The listing below should be printed again word for word, without any images.

▶ _PROVIDED DATA_:

◆ ◆ ◆

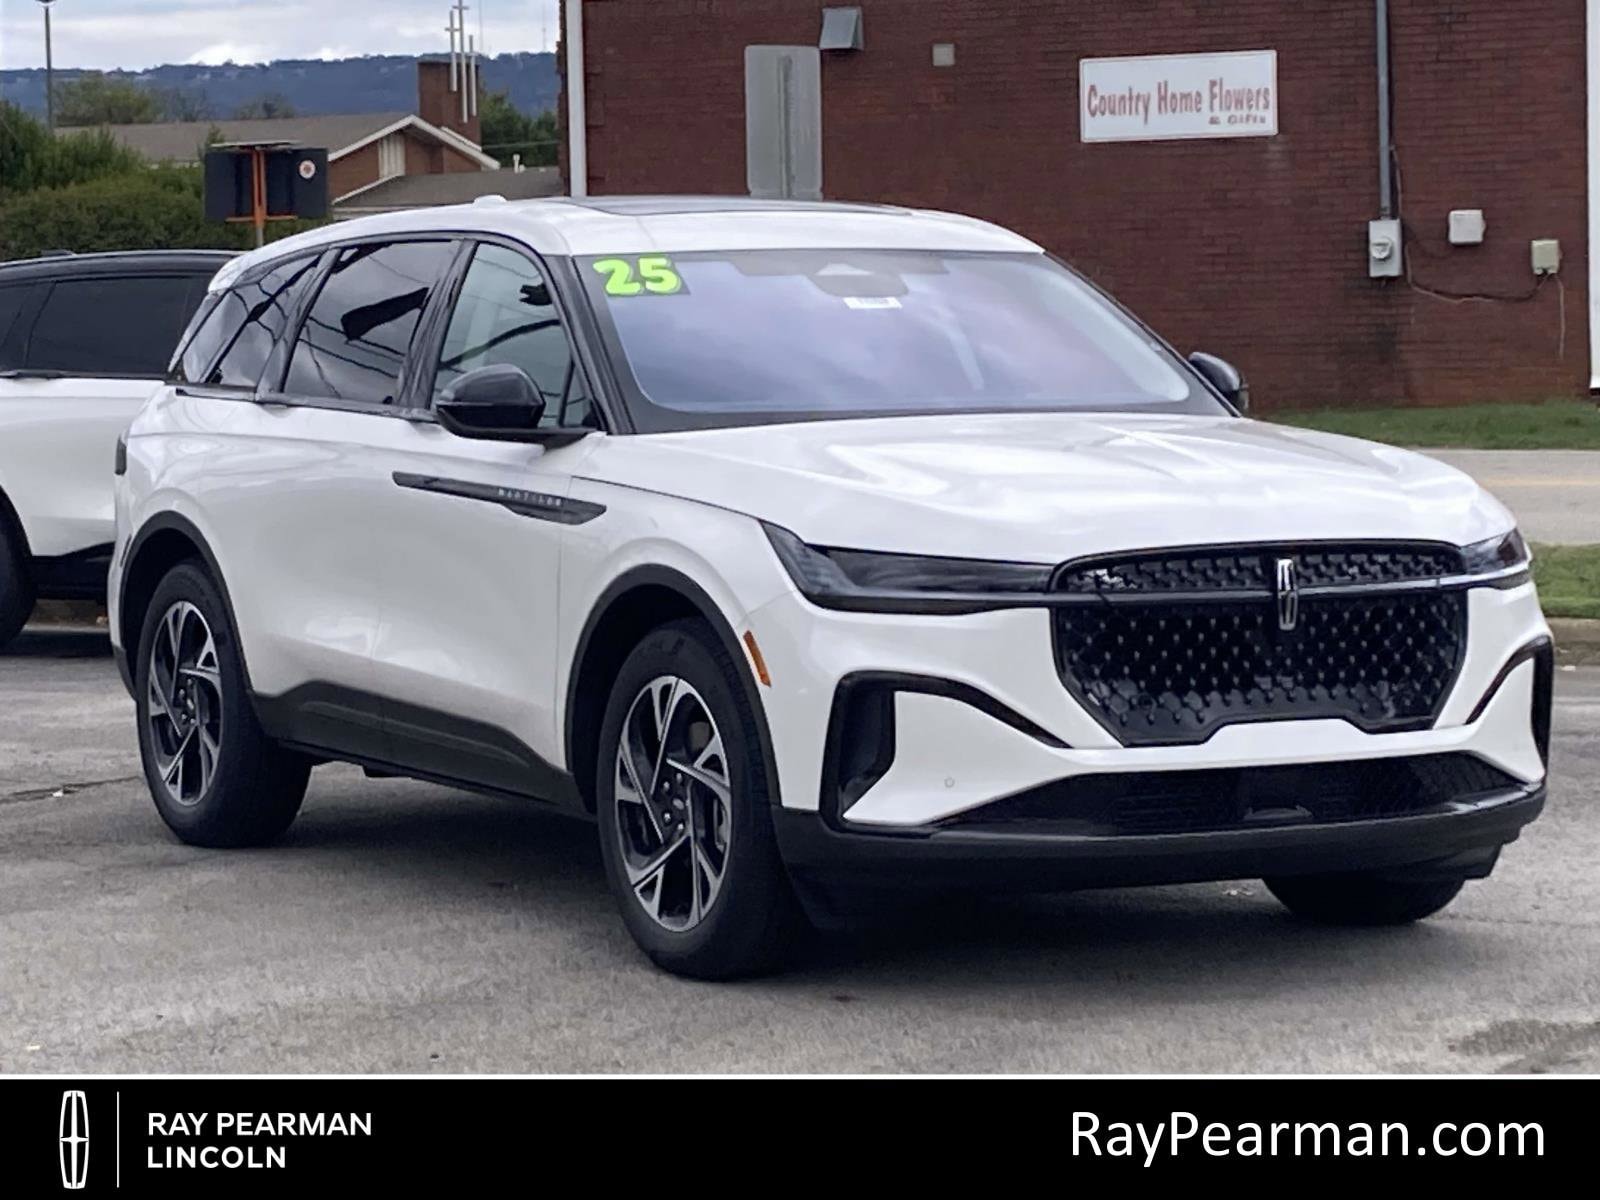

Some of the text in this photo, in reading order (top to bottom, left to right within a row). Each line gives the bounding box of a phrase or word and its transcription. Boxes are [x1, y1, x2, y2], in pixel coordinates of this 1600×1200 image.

[1087, 77, 1270, 125] Country Home Flowers
[592, 255, 682, 297] 25
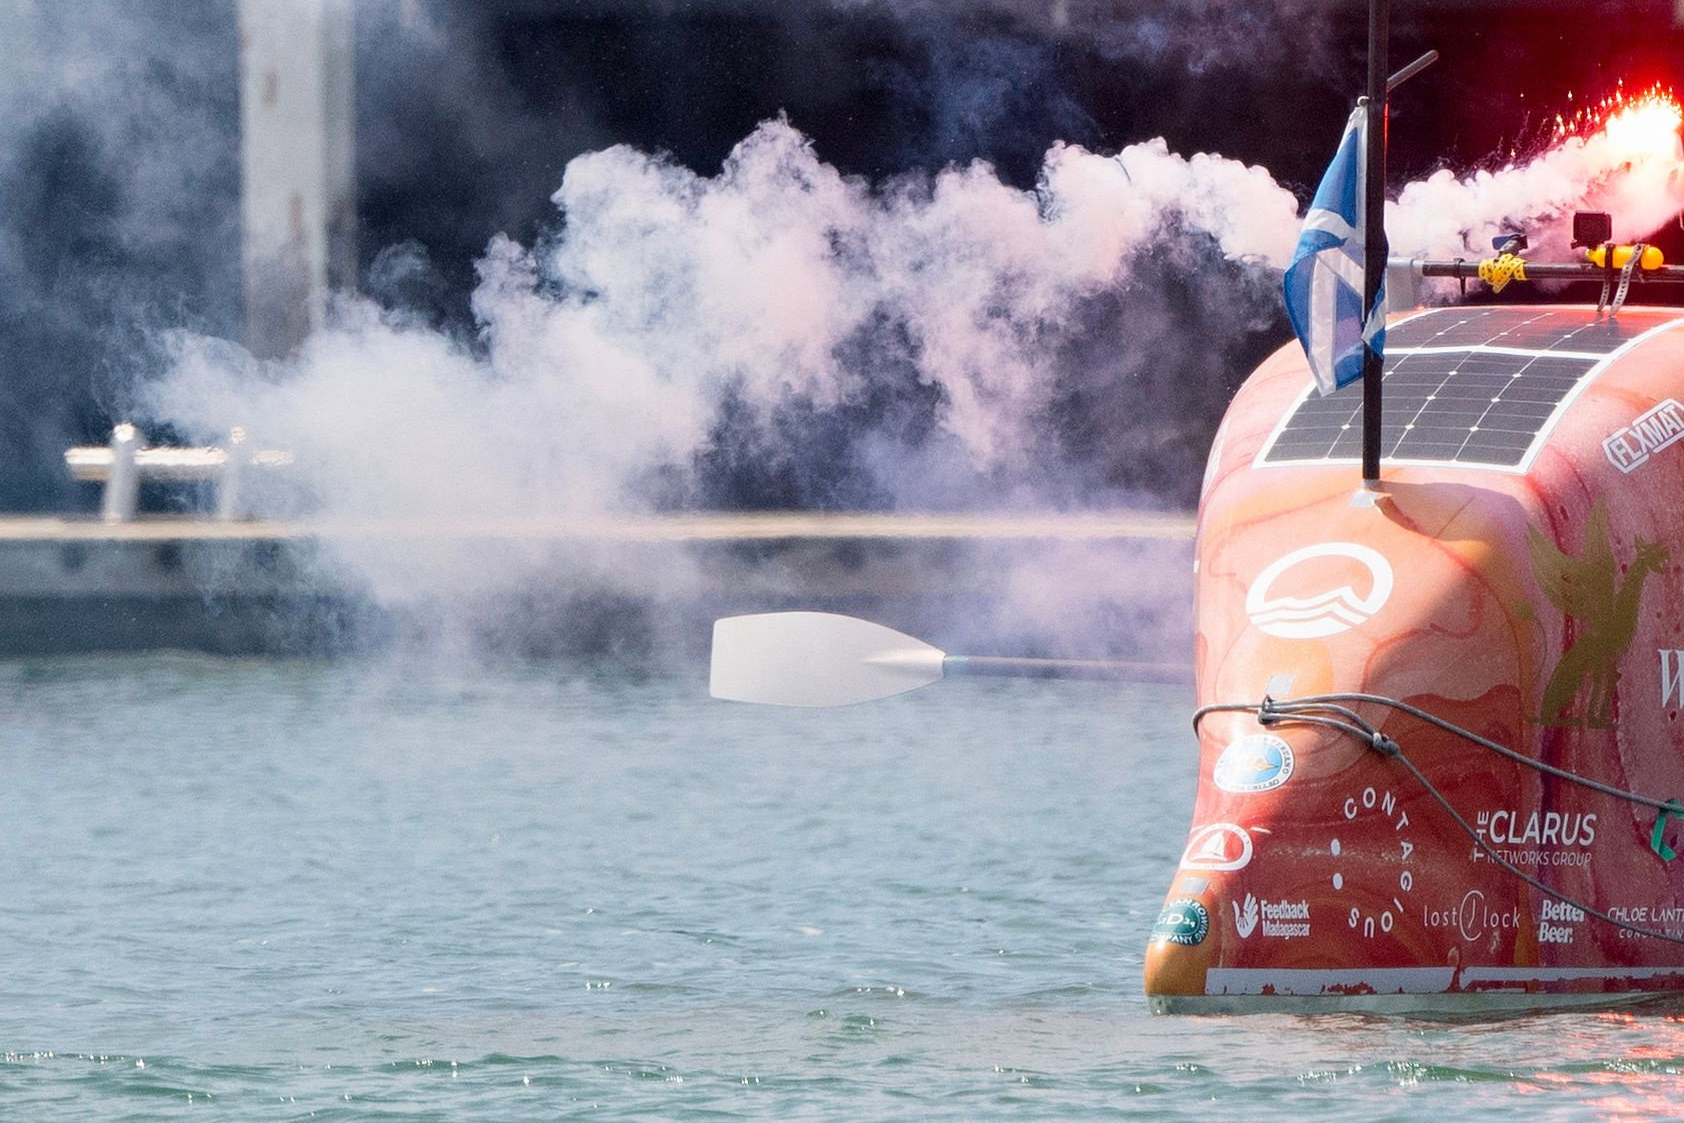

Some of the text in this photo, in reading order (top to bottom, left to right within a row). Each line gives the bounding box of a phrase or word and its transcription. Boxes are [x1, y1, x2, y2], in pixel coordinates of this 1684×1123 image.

[1489, 809, 1598, 847] CLARUS
[1551, 851, 1593, 867] GROUP
[1260, 898, 1310, 920] Feedback
[1541, 899, 1585, 922] Better
[1607, 906, 1649, 922] CHLOE
[1262, 920, 1311, 941] Madagascar

◆ ◆ ◆

▶ _OUTPUT FOR THIS EXERCISE_:
Some of the text in this photo, in reading order (top to bottom, left to right within a row). Each line gives the bounding box of a phrase or word and its transcription. Boxes are [x1, y1, x2, y2], in pixel coordinates of this 1600×1200 image.

[1087, 77, 1270, 125] Country Home Flowers
[592, 255, 682, 297] 25

Some of the text in this photo, in reading order (top to bottom, left to right within a row). Each line gives the bounding box of a phrase or word and its transcription. Boxes are [x1, y1, x2, y2], in pixel coordinates of this 1684×1123 image.

[1489, 809, 1598, 847] CLARUS
[1551, 851, 1593, 867] GROUP
[1260, 898, 1310, 920] Feedback
[1541, 899, 1585, 922] Better
[1607, 906, 1649, 922] CHLOE
[1262, 920, 1311, 941] Madagascar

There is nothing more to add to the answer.